THE TASK: An exact reproduction of each record is required.

Dataset entries
*****

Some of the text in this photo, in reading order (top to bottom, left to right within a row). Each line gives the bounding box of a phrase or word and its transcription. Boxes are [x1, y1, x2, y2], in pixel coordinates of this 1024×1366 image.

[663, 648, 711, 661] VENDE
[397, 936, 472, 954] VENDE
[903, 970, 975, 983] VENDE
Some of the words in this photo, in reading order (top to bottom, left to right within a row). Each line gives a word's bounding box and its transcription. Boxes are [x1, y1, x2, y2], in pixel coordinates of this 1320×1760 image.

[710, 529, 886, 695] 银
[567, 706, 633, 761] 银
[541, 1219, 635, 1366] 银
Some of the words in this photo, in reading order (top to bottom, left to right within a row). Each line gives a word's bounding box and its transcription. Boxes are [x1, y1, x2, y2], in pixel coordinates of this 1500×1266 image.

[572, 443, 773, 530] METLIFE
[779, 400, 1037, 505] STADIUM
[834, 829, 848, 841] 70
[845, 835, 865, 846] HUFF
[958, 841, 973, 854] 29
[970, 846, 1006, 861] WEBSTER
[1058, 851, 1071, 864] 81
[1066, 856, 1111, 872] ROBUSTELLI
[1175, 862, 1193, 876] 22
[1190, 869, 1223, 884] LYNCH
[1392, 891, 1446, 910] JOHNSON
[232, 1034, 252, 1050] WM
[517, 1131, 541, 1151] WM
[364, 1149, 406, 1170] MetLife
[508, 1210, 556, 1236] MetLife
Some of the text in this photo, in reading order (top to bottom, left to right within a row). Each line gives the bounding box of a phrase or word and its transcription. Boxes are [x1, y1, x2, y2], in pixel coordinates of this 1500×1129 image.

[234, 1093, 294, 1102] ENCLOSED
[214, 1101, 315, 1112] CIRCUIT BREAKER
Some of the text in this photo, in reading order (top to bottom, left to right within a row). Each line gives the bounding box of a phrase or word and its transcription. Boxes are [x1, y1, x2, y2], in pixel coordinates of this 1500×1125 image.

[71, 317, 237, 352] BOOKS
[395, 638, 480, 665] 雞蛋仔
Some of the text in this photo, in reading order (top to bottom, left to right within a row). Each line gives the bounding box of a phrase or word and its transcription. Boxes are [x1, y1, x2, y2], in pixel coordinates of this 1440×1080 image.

*****

TASK ANSWER:
Some of the text in this photo, in reading order (top to bottom, left to right within a row). Each line gives the bounding box of a phrase or word and its transcription. Boxes are [x1, y1, x2, y2], in pixel coordinates of this 1024×1366 image.

[663, 648, 711, 661] VENDE
[397, 936, 472, 954] VENDE
[903, 970, 975, 983] VENDE
Some of the words in this photo, in reading order (top to bottom, left to right within a row). Each line gives a word's bounding box and its transcription. Boxes are [x1, y1, x2, y2], in pixel coordinates of this 1320×1760 image.

[710, 529, 886, 695] 银
[567, 706, 633, 761] 银
[541, 1219, 635, 1366] 银
Some of the words in this photo, in reading order (top to bottom, left to right within a row). Each line gives a word's bounding box and its transcription. Boxes are [x1, y1, x2, y2], in pixel coordinates of this 1500×1266 image.

[572, 443, 773, 530] METLIFE
[779, 400, 1037, 505] STADIUM
[834, 829, 848, 841] 70
[845, 835, 865, 846] HUFF
[958, 841, 973, 854] 29
[970, 846, 1006, 861] WEBSTER
[1058, 851, 1071, 864] 81
[1066, 856, 1111, 872] ROBUSTELLI
[1175, 862, 1193, 876] 22
[1190, 869, 1223, 884] LYNCH
[1392, 891, 1446, 910] JOHNSON
[232, 1034, 252, 1050] WM
[517, 1131, 541, 1151] WM
[364, 1149, 406, 1170] MetLife
[508, 1210, 556, 1236] MetLife
Some of the text in this photo, in reading order (top to bottom, left to right within a row). Each line gives the bounding box of a phrase or word and its transcription. Boxes are [x1, y1, x2, y2], in pixel coordinates of this 1500×1129 image.

[234, 1093, 294, 1102] ENCLOSED
[214, 1101, 315, 1112] CIRCUIT BREAKER
Some of the text in this photo, in reading order (top to bottom, left to right within a row). Each line gives the bounding box of a phrase or word and its transcription. Boxes are [x1, y1, x2, y2], in pixel coordinates of this 1500×1125 image.

[71, 317, 237, 352] BOOKS
[395, 638, 480, 665] 雞蛋仔
Some of the text in this photo, in reading order (top to bottom, left to right within a row). Each line gives the bounding box of a phrase or word and its transcription. Boxes are [x1, y1, x2, y2], in pixel coordinates of this 1440×1080 image.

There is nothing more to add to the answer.